The NAACP’S Back

by Melinda Tuhus | December 8, 2009 8:08 AM | | Comments (4)

newrawlingsphoto.JPGA big crowd helped the Greater New Haven branch of the NAACP celebrate a year of renewed energy and activism at its office Monday night.

The office, at 545 Whalley Avenue, opened a year ago. It has given the century-old organization a public face and coincided with a new burst of organizational efforts to reduce the racial gap in educational achievement, the health disparities in the state, and other social inequities based on race, such as the disproportionate number of African-American males who are incarcerated.

Branch President Jim Rawlings noted some of the group’s recent accomplishments, such as publishing a report on racial health inequities and promoting civil rights. He said it’s a new day for the organization.

The New Haven chapter is the largest in New England. Rawlings said in the past year its membership has increased ten to 15 percent, to between 800 and 900. It’s also increased its youth membership, but he said someone needs to step forward to lead the youth council.

“I don’t think the NAACP can any longer be simply advocacy by itself,” he said. “We have to be about social impact: Are those we’re serving better off in terms of the quality of their lives?”

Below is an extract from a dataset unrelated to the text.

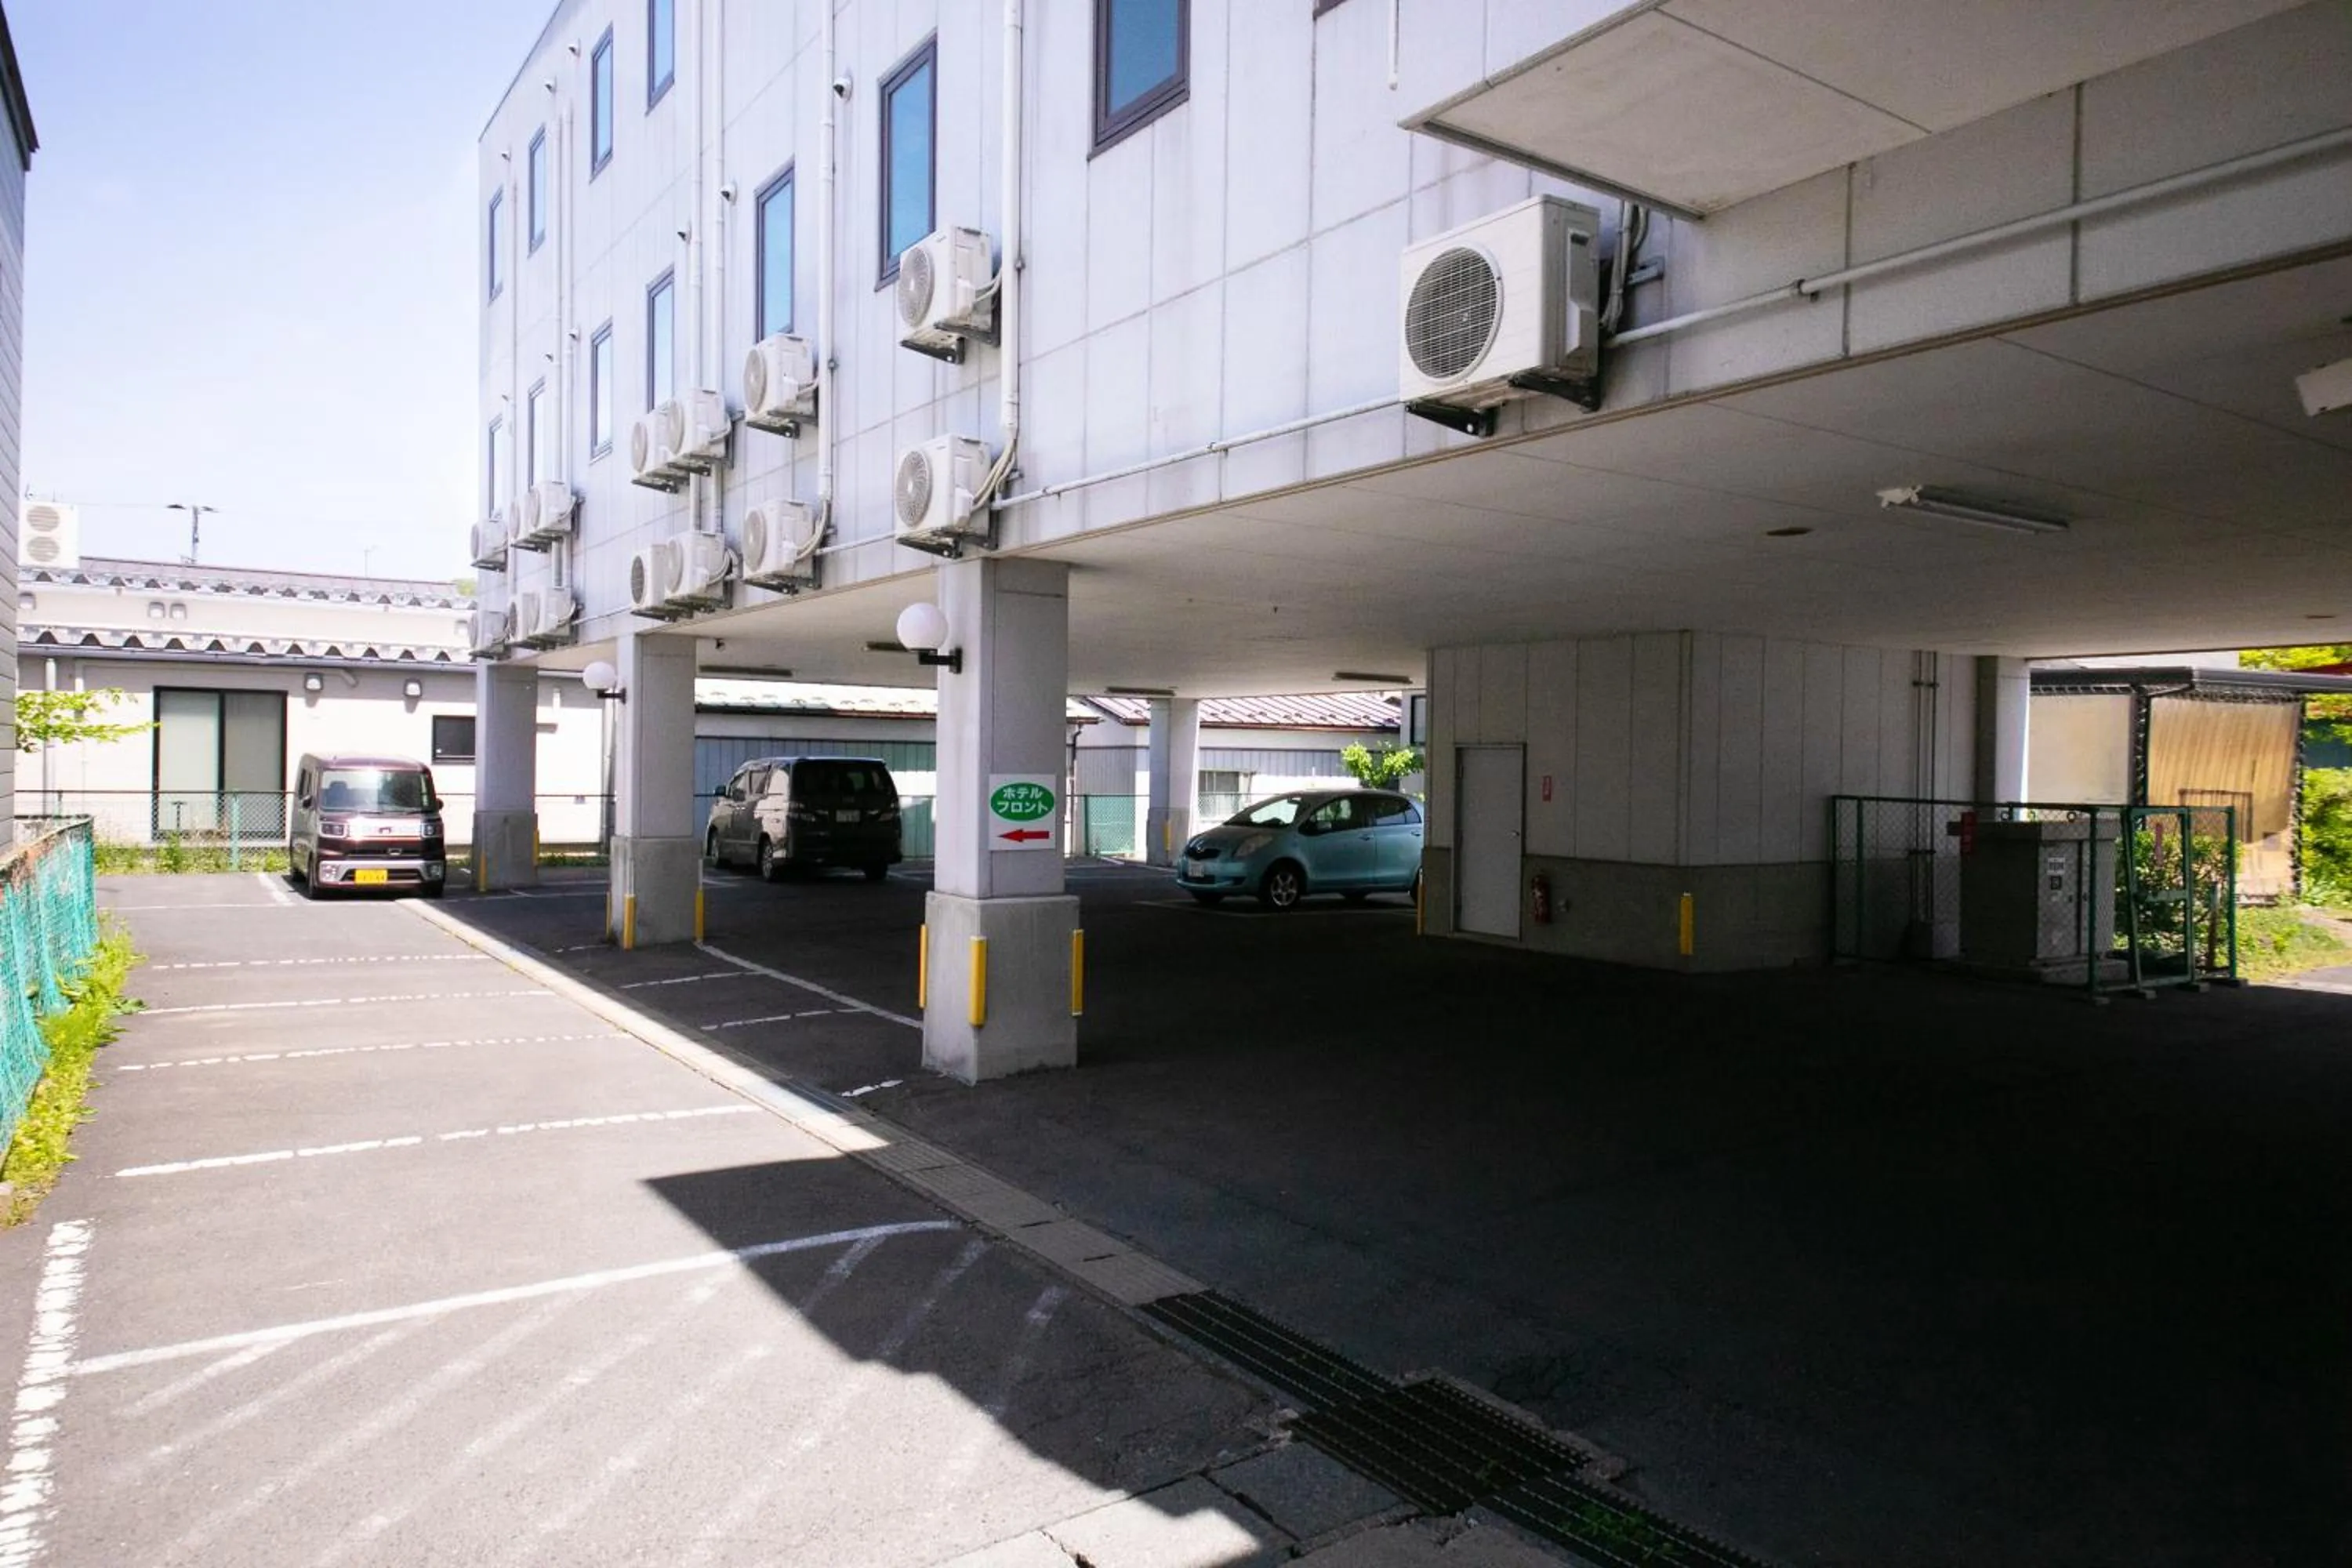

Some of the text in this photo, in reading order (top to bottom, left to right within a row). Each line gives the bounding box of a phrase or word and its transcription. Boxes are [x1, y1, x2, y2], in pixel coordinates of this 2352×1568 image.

[1003, 787, 1044, 799] ホテル
[996, 800, 1048, 814] フロント

Rawlings said five committees have been created focusing on education, criminal justice, health, economic development, and legal redress, which responds to citizens’ complaints of racial discrimination. (Rawlings is pictured with a photo of Thurgood Marshall, who won the landmark Supreme Court decision in Brown v. Board of Education as counsel for the NAACP Legal Defense Fund and went on to become the first African-American to sit on the Supreme Court.)

gary%20h%20and%20mike%20j.JPGThe education committee will address the achievement gap between black and white students. Rawlings said, “So we looked around and we found the best person in the state to lead that. His name is Gary Highsmith.” (Highsmith is on the left in the photo with his longtime friend and fellow “Young Turk,” attorney Michael Jefferson, as they were described by this reporter in an article 20 years ago.) Highsmith is now principal of Hamden High School, which serves an increasingly diverse population.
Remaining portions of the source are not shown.